Procédure devant la Cour :
Par une requête, enregistrée le 13 février 2015, le préfet de l'Ain demande à la Cour :
1°) d'annuler ce jugement du magistrat désigné par le président du tribunal administratif de Lyon du 16 janvier 2015 ;
2°) de rejeter la demande de M.B....
Il soutient que :
- M.B..., qui ne provient pas d'Italie et n'est pas résident de longue durée dans ce pays ou titulaire d'une "carte bleue européenne" délivrée par un tel Etat, ne remplit pas les conditions pour être réadmis en Italie en application de l'article L. 531-1 du code de l'entrée et du séjour des étrangers et du droit d'asile ; M. B...est entré irrégulièrement sur le territoire français après l'expiration de la date de validité de son titre de séjour italien, dont il n'est pas établi qu'il était en cours de renouvellement ; dans ces conditions, il n'était pas tenu d'examiner sa situation au regard de ces dispositions, ni de prendre une décision de remise de l'intéressé aux autorités italiennes prioritairement à une obligation de quitter le territoire français ;
- le placement en rétention de M. B...est justifié, l'intéressé ne disposant pas de domicile personnel, ayant utilisé une fausse identité lors de son interpellation, se maintenant en France en situation irrégulière et étant dépourvu de documents de voyage en cours de validité.

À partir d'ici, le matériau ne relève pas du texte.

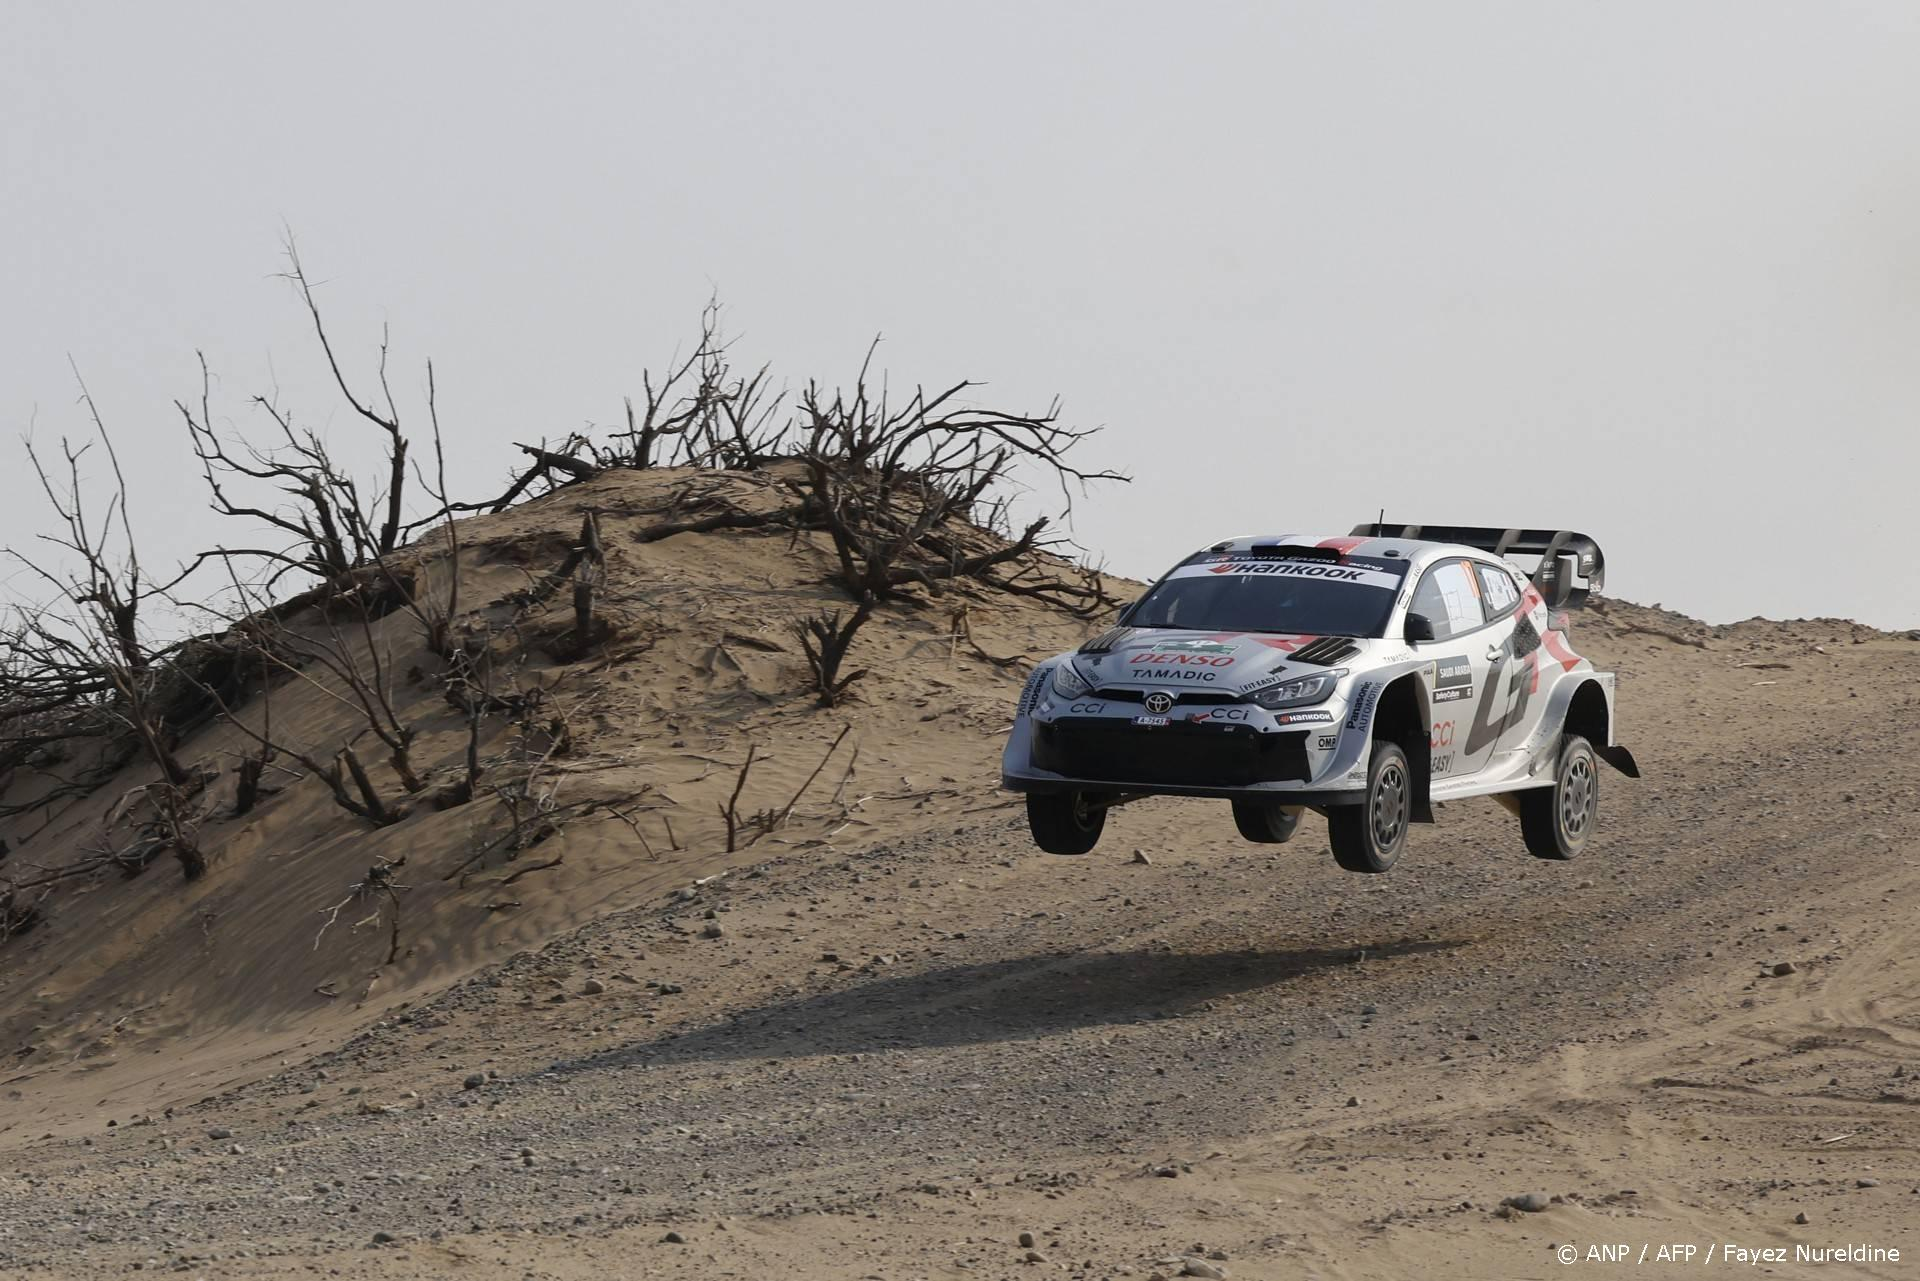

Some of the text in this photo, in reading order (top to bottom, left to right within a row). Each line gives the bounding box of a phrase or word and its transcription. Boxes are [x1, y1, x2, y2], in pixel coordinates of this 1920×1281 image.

Par un mémoire en défense, enregistré le 2 mai 2016, M. A...B..., représenté par MeC..., conclut au rejet de la requête et demande qu'une somme de 1 000 euros soit mise à la charge de l'Etat au titre de l'article L. 761-1 du code de justice administrative.
Il fait valoir que :
- c'est à bon droit que le premier juge a considéré que le préfet de l'Ain n'avait pas examiné en priorité sa réadmission en Italie, alors qu'il était tenu de le faire ;
- les moyens qu'il a soulevés en première instance, tirés de l'insuffisance de motivation des décisions contestées, de ce qu'elles n'ont pas été précédées du recueil de ses observations préalables et de l'absence d'examen particulier de sa situation personnelle, sont fondés.
Vu les autres pièces du dossier.
Vu :
- la convention européenne de sauvegarde des droits de l'homme et des libertés fondamentales ;
- l'accord du 17 mars 1988 entre le Gouvernement de la République française et le Gouvernement de la République de Tunisie en matière de séjour et de travail ;
- le code de l'entrée et du séjour des étrangers et du droit d'asile ;
- le code de justice administrative.
Le président de la formation de jugement a dispensé le rapporteur public, sur sa proposition, de prononcer des conclusions à l'audience.
Les parties ont été régulièrement averties du jour de l'audience.
Le rapport de Mme Peuvrel, premier conseiller, a été entendu au cours de l'audience publique.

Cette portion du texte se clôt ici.